The employer’s written policy prohibited the use of e-mail for “non-job-related solicitations.” In practice, the employer allowed a number of nonwork-related employee e-mails, but there was no evidence that it permitted e-mails urging support for groups or organizations. ... 

Addressing the maintenance of the policy, the Board majority of Chairman Battista and Members Schaumber and Kirsanow reasoned that under Board precedent, employees have no statutory right to use an employer’s equipment for Section 7 purposes. The majority found that Republic Aviation Corp. v. NLRB, 324 U.S. 793 (1945), in which the Court held that a ban on solicitation during nonworking time was unlawful absent special circumstances, was inapplicable to the use of an employer’s e-mail system, because Republic Aviation involved only face-to-face solicitation, not the use of employer equipment. The majority noted that the use of e-mail “has not changed the pattern of industrial life at the Respondent’s facility to the extent that the forms of workplace communication sanctioned in Republic Aviation have been rendered useless . . . . Consequently, we find no basis in this case to refrain from applying the settled principle that, absent discrimination, employees have no statutory right to use an employer’s equipment or media for Section 7 communications.” Therefore, the majority concluded, the maintenance of the policy did not violate Section 8(a)(1).
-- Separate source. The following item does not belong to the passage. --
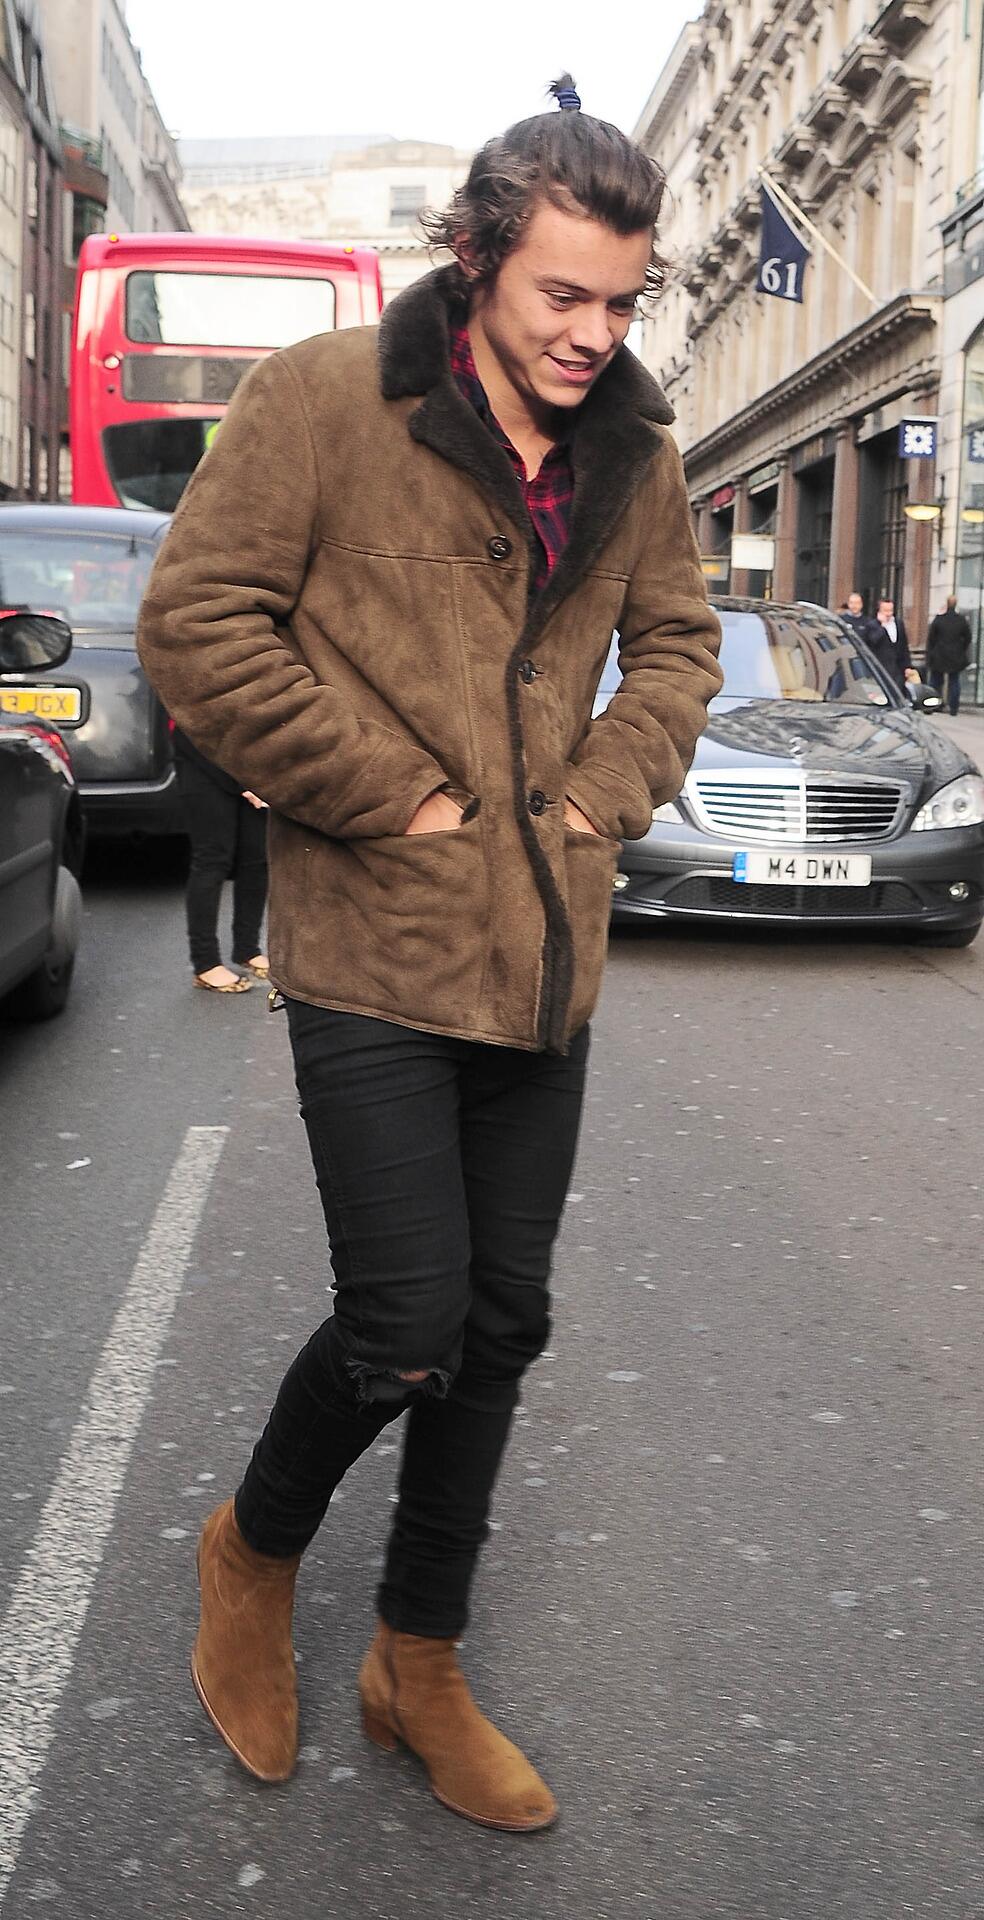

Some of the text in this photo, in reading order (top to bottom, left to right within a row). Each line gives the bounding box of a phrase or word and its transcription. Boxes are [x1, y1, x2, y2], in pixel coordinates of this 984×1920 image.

[761, 257, 797, 298] 61
[27, 695, 66, 713] JGX
[767, 857, 849, 880] M4 DWN
With respect to the alleged discriminatory application of the policy to Prozanski’s e-mails, the majority clarified that “discrimination under the Act means drawing a distinction along Section 7 lines.” The majority adopted the reasoning of the United States Court of Appeals for the Seventh Circuit, noting that in two cases involving the use of employer bulletin boards, the court had distinguished between personal nonwork-related postings such as for-sale notices and wedding announcements, on the one hand, and “group” or “organizational” postings such as union materials on the other. See Fleming Companies v. NLRB, 349 F.3d 968, 975 (7th Cir. 2003), denying enf. to 336 NLRB 192 (2001); and Guardian Industries Corp. v. NLRB, 49 F.3d 317, 319-320 (7th Cir. 1995), denying enf. to 313 NLRB 1275 (1994). The Board majority found that the court’s analysis, “rather than existing Board precedent, better reflects the principle that discrimination means the unequal treatment of equals.” The majority overruled the Board’s decisions in Fleming, Guardian, and other similar cases to the extent they were inconsistent with its decision here.
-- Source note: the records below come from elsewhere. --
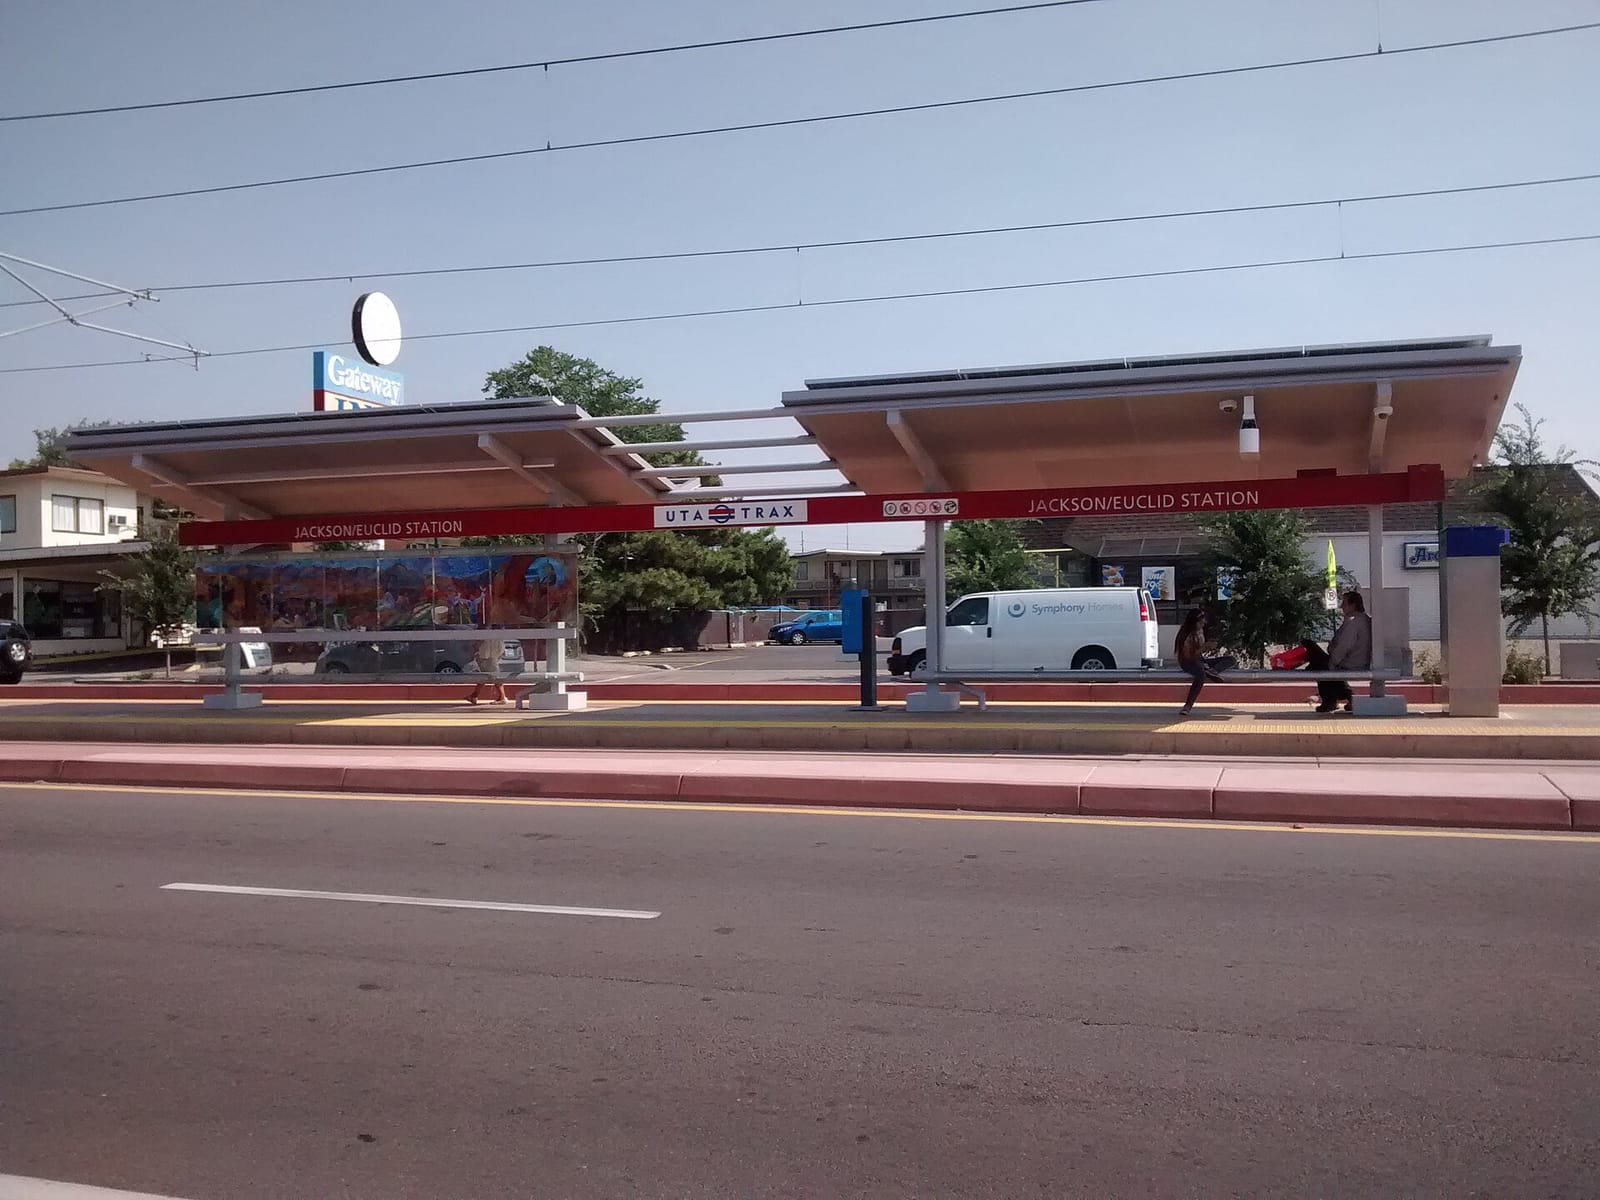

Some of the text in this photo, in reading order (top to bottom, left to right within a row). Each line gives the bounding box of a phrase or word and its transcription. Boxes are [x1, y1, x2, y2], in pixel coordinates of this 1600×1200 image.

[328, 355, 401, 406] Gateway
[1028, 491, 1259, 513] JACKSON/EUCLID STATION
[666, 506, 793, 522] UTA TRAX
[294, 520, 463, 539] JACKSON/EUCLID STATION
[1032, 602, 1085, 615] Symphony
The case has already been written about by The New York Times, and discussed at length by several blogs over the weekend, including Workplace Prof (which heavily criticizes the decision), Ross Runkel's NLRB Law Memo, Workplace Horizons, Eye on the NLRB, and Pennsylvania Employment Law Blog, so I won't repeat their thorough coverage here (plus I'm technically on "vacation").

But a few thoughts immediately come to mind:

1) Employers will need to consider revising their employment policies on use of electronic mail and intranets immediately to take advantage of the protections this case offers.  After the new year, I'll add more on this as the analysis of the case becomes clear.

2) For the non-labor lawyers or non-union employers, you may be wondering what the fuss is all about. After all, limiting employees' use of the e-mail system to work-related conduct is something that many employers preach. Some even go further with computer-aided limits on sites with personal e-mail accounts, etc.  For these employers, the decision may not seem as ground-breaking, but nevertheless, it allows the employer to create an employment policy that brings consistency and identifible limits. 

3) The case seems to distringuish between "solicitation" and general announcements.  You wonder, however, how this will apply in a practical sense. Will employees try to couch future e-mails as informational -- even when they may just be solicitations dressed up with "informational" language?

Of course, should the makeup of the NLRB change after the next election cycle, all bets are off on whether this case continues to be binding precedent.